Like one of the paper writers at Superior Papers described him, Anthony McGowan is the best author for children or at least one of the best in today’s world. His skill and range are spectacular, and as you will expect, he delivered with Brock. 

The story for Brock is built around two boys that single-handedly took on a group of badger baiters. This book will likely see the kids display different emotions throughout the entirety of this book. It is sad, funny, and also disturbing. If you have older children who need a strong storyline but are still struggling to read, this novel is perfect. Additionally, Barrington Stoke is the publisher of this book. They are very renowned for editing and designing their books such that it can help them deal with a few of the problems they face as dyslexic children reading a book.

  1. The recruit

The cherub series has always been pleasant and enjoyable to read, and this one from Robert Muchamore is another delightful read for both dyslexic and reluctant readers. The thing about this book and the other ones in the series it belongs to is that it features a lot of violence, and there are too many boy-girl references for these children to read. Unsurprisingly, this is precisely why the kids love the book. They see it for what it is, an honest and un-redacted book. The author, Muchamore, also seems to enjoy some leeway with the publishers. Many other authors would not be allowed some of the things that are in his books.

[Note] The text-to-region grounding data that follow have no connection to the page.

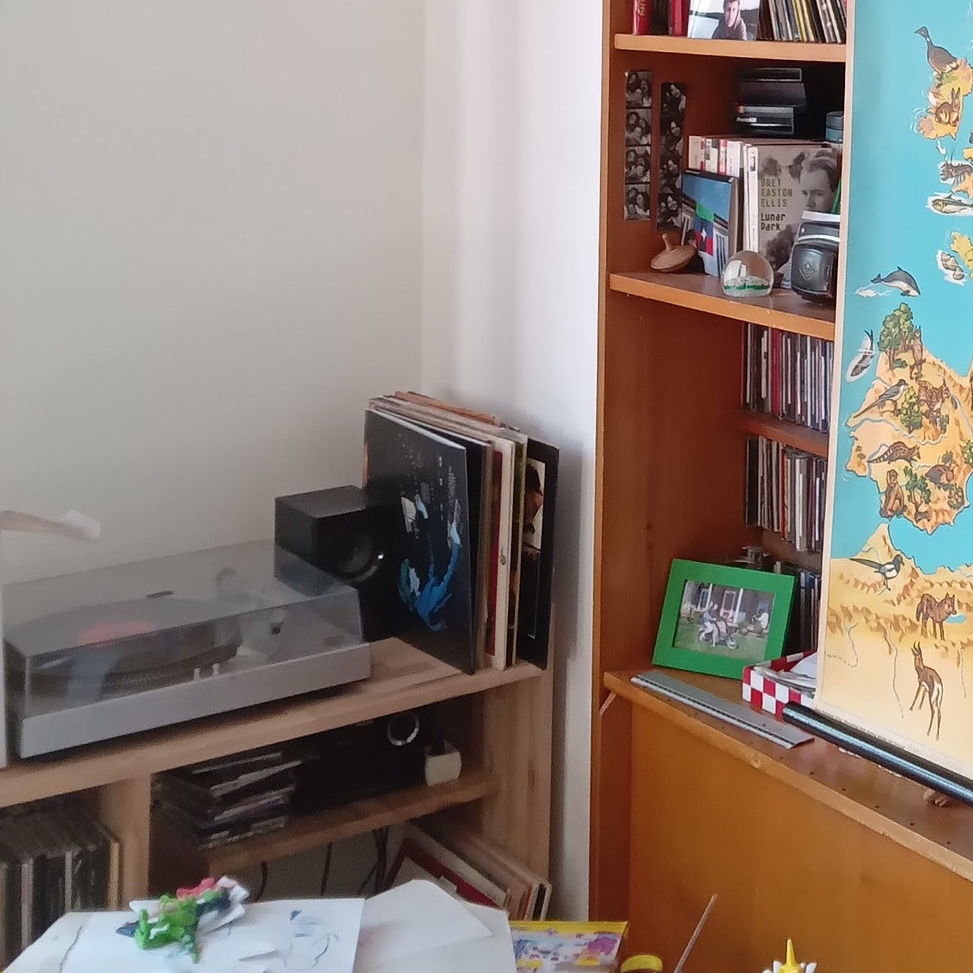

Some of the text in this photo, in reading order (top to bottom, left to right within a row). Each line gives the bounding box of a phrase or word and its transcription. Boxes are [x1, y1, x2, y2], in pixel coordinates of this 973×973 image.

[760, 178, 781, 187] BRET
[760, 188, 793, 197] EASTON
[760, 198, 788, 208] ELLIS
[760, 212, 786, 222] Lunar
[760, 222, 781, 231] Park

If you have a group of 12-year-olds (both boys and girls), and you asked them to recommend a book for you, most of them would recommend this book to you or another from the same author. The book has a very strong storyline that involves children being recruited to fight some villains (and are kept in an undisclosed training camp) on the government’s behalf.

Conclusion

It’s not so challenging to get dyslexic children and reluctant readers to start reading or learning to. You only need to learn what their interests are and harness it in a way that they will want to read of their own accord. Some of these books are popular among kids already, but you will find that they interest dyslexic kids too when they’re left to read at their own pace. 

 

Author Bio

Thomas Lanigan has work experience for four years as a marketing specialist, social media manager, writer, journalist, and editor at assignment help UK. He is also a professional content writer and assignment helper in such topics as blogging, marketing features, progressive education programs, and business.